My aim in this essay is to state as clearly as I can Nietzsche’s theory of truth, and, in doing so, to point to some connections between Nietzsche and other philosophers, both earlier and later. I am not interested in the question of influence, of who had read what, who admired whom. The connections I want to trace are connections of meaning, similarities of thought; they are more logical than causal or historical. For Nietzsche has to some extent suffered, in England, from being thought a highly outlandish and non-serious thinker, and to point to some such connections may help us to understand his thought. Again, I want to avoid historical discussion of the development of Nietzsche’s thought itself, though this may seem an even more dubious aim. For it is difficult to write about Nietzsche without becoming at least partly biographical. Nevertheless it seems to me that this way of approaching him tends to obscure the philosophical interest of his work.

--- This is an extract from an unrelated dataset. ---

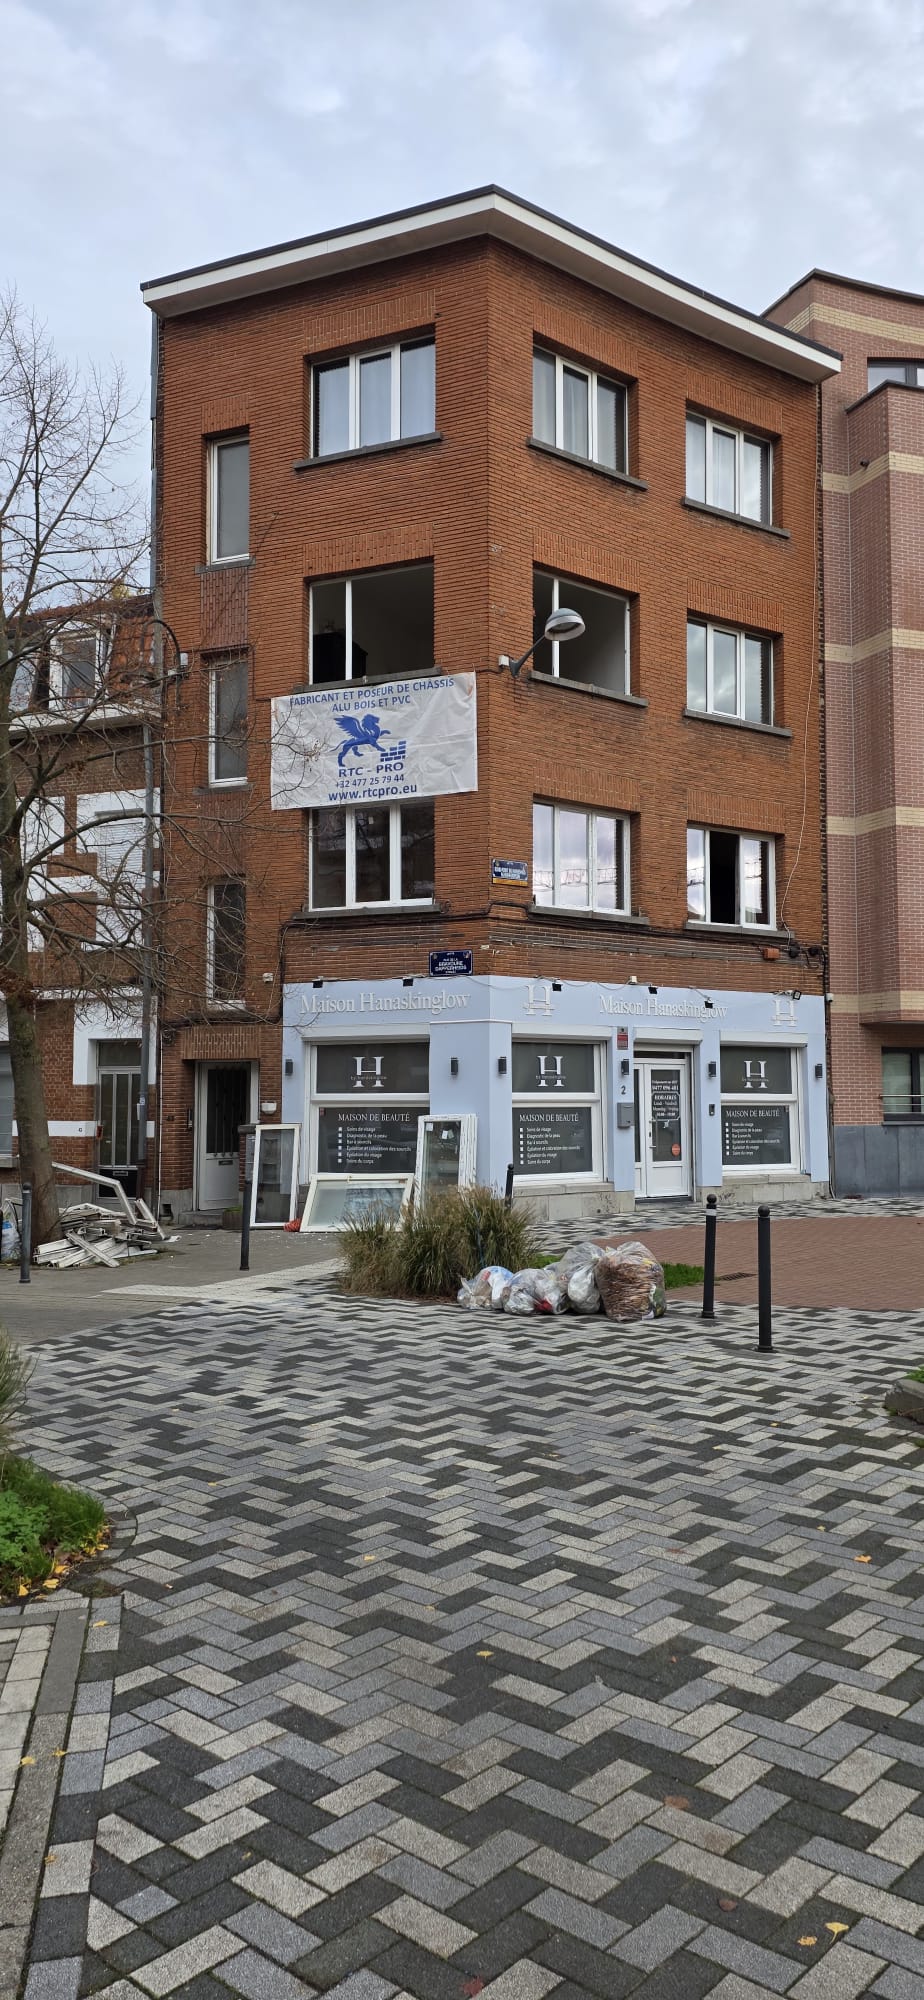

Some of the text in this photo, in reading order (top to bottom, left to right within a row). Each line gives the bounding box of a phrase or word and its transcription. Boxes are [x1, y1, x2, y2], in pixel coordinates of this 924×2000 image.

It is seldom that other philosophers, with the possible exception of Wittgenstein, are treated firstly as men with biographies and only secondly as philosophers. On the whole, for good or ill, their philosophical works are taken as given, as if they had descended like tablets from heaven, timelessly there to be criticized, analysed and appraised. It is in this unhistorical spirit that I want to discuss Nietzsche’s theory of truth. But it must be admitted at the outset that to speak of his theory of truth is probably misleading. For, as will become evident, he is not consistent; and this inconsistency springs not so much from the gradual development of a view in which the earlier stages are contradicted or overtaken by the later, but from a tension in his attitude towards truth. And his attitudes find expression in his theory. Moreover, as we shall see, there is an ambiguity in the very subject-matter under discussion. We shall not find a way to reconcile these tensions and ambiguities; but it is by considering their nature that I hope to be able to clarify Nietzsche’s own thought, and incidentally to bring out what he has in common with certain other, very different, philosophers.